(ASSIGNMENT): Among the entries below, which lines run from the line with "this 1500×1000 image." through the line with "this 1536×2048 image."? Retype those, both ends included, exactly and without pictures.

(INFORMATION):

------

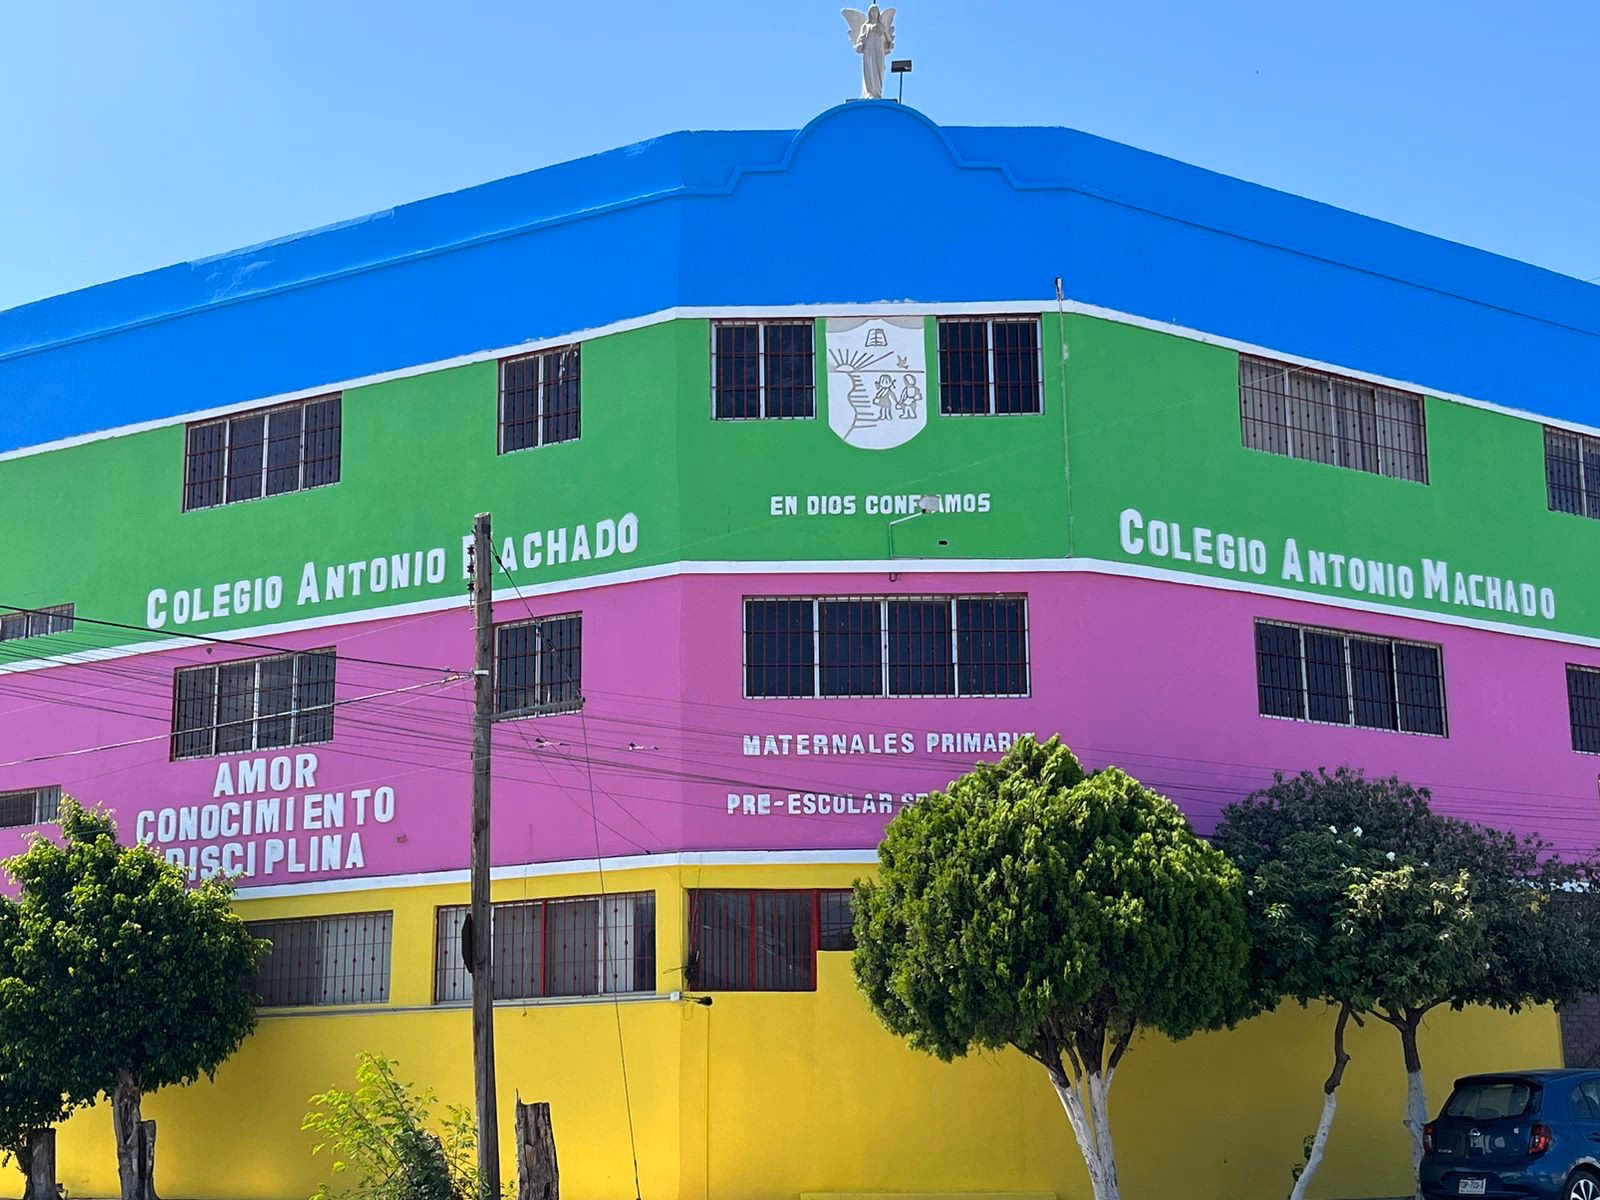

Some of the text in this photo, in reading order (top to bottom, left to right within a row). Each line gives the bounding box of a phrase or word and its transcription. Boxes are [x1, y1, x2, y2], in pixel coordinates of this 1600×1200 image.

------

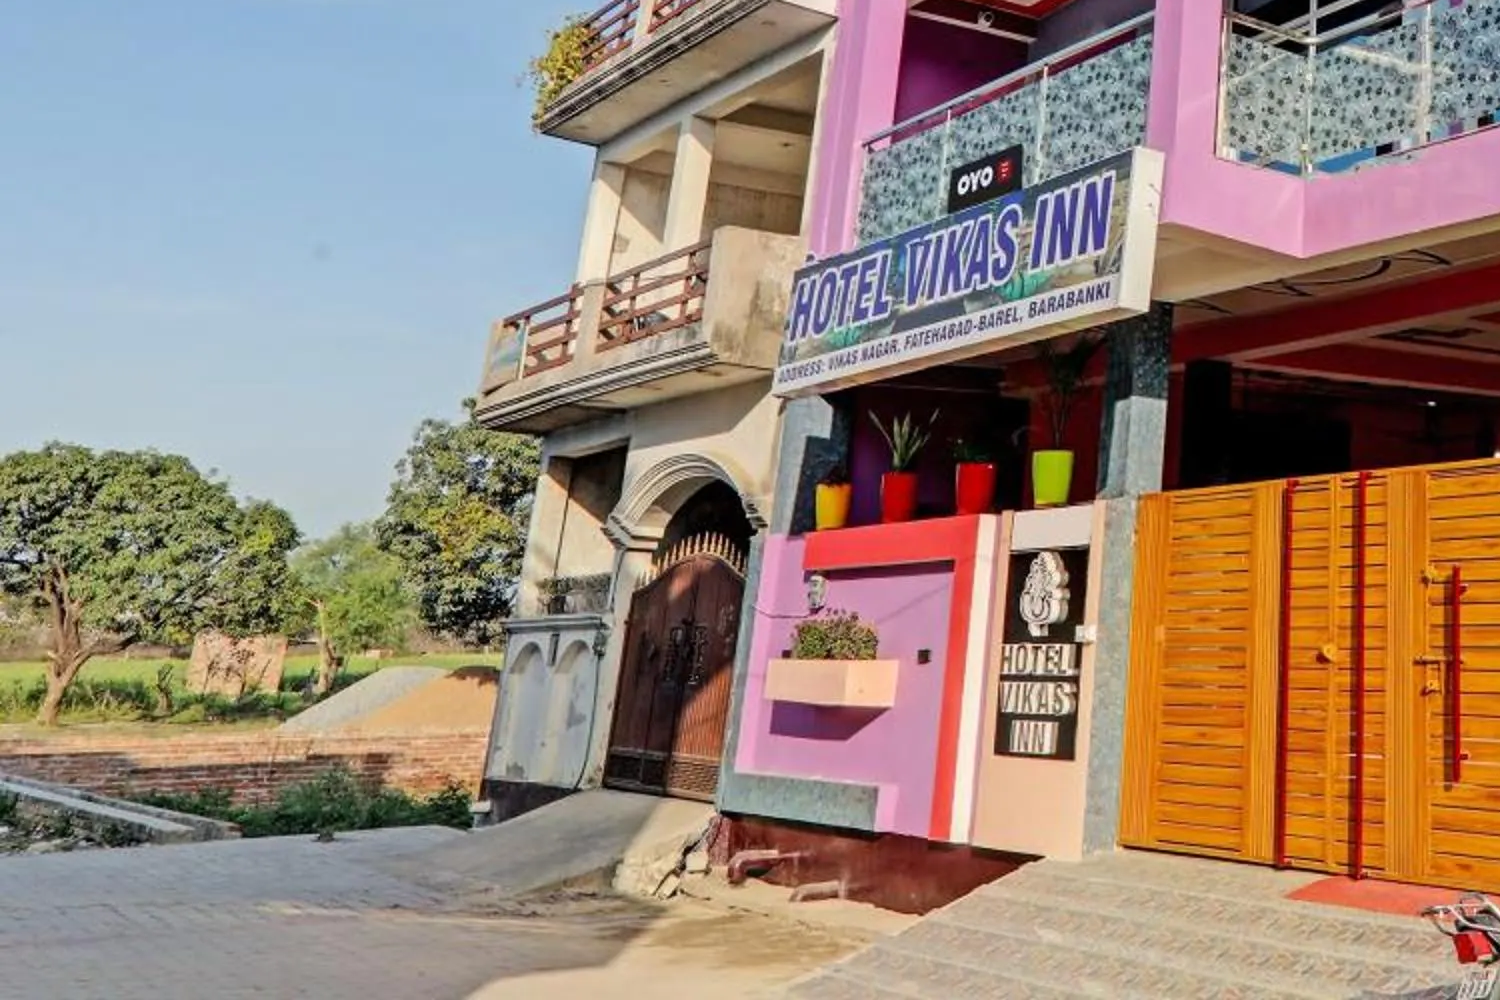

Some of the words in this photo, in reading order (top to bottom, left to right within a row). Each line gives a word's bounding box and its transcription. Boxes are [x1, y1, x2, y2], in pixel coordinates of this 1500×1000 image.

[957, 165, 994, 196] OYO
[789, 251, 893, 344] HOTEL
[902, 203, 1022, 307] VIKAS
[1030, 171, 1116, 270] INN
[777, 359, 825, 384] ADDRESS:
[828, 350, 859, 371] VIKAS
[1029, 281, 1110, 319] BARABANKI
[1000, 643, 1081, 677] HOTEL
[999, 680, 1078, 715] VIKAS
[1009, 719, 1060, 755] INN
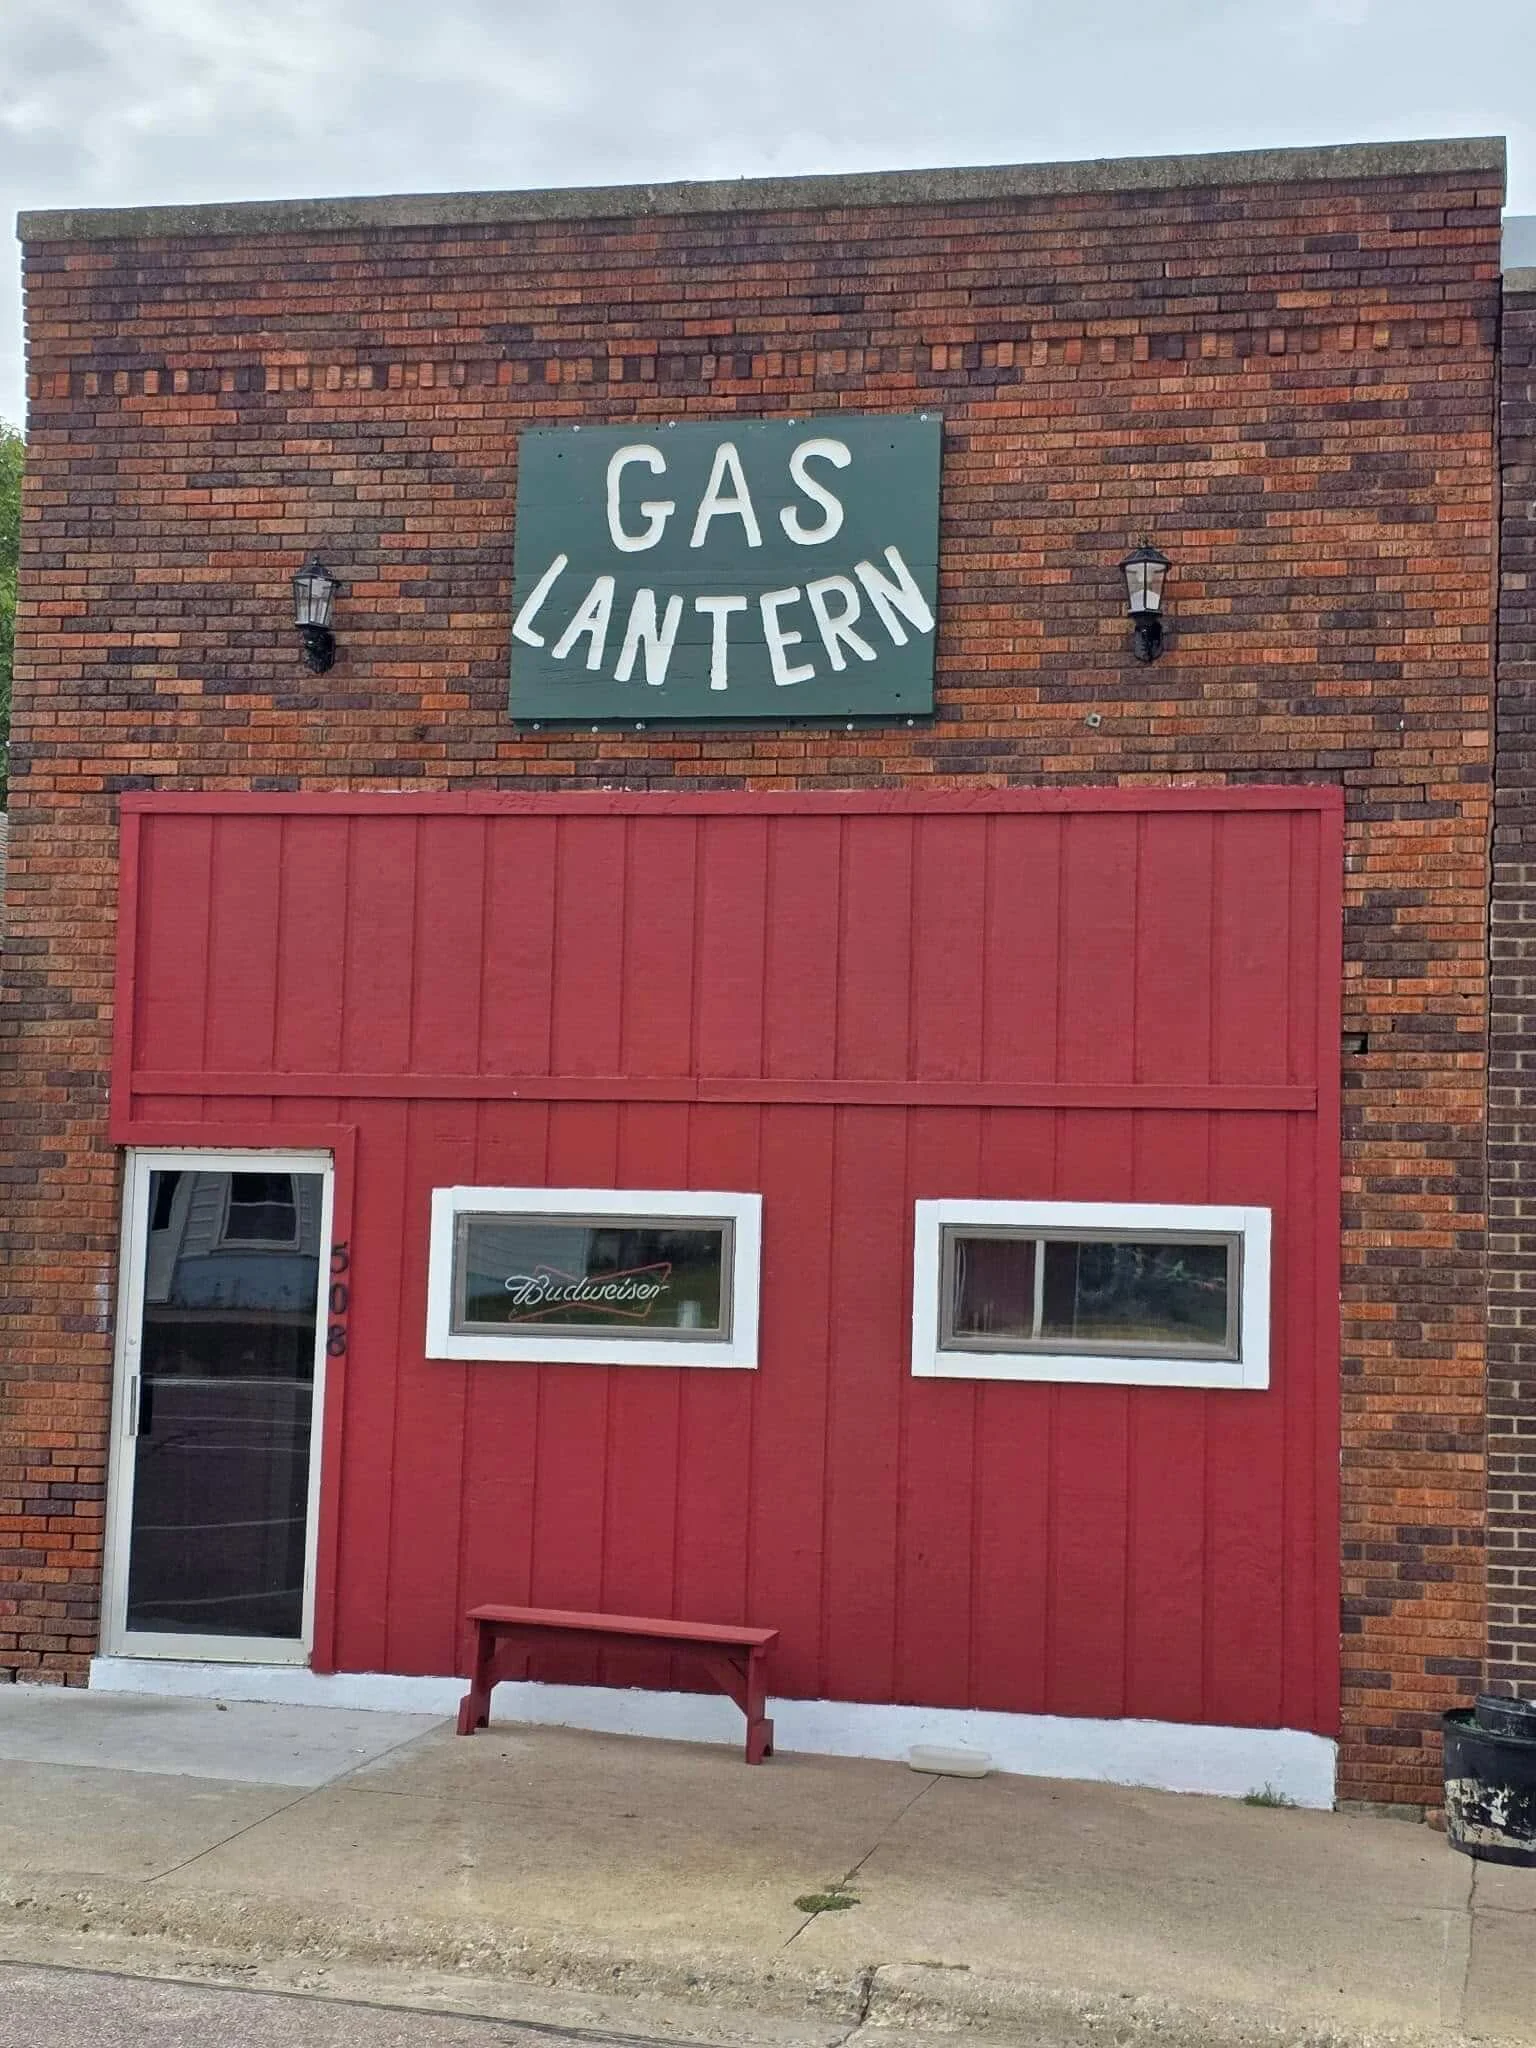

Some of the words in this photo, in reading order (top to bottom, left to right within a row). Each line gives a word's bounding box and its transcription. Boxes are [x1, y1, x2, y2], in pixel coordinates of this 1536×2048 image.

------

(EXERCISE ANSWER):
Some of the words in this photo, in reading order (top to bottom, left to right within a row). Each line gives a word's bounding box and its transcription. Boxes are [x1, y1, x2, y2], in pixel coordinates of this 1500×1000 image.

[957, 165, 994, 196] OYO
[789, 251, 893, 344] HOTEL
[902, 203, 1022, 307] VIKAS
[1030, 171, 1116, 270] INN
[777, 359, 825, 384] ADDRESS:
[828, 350, 859, 371] VIKAS
[1029, 281, 1110, 319] BARABANKI
[1000, 643, 1081, 677] HOTEL
[999, 680, 1078, 715] VIKAS
[1009, 719, 1060, 755] INN

Some of the words in this photo, in reading order (top to bottom, left to right within a row). Each line gives a word's bounding box and its transcription. Boxes are [x1, y1, x2, y2], in pixel coordinates of this 1536×2048 image.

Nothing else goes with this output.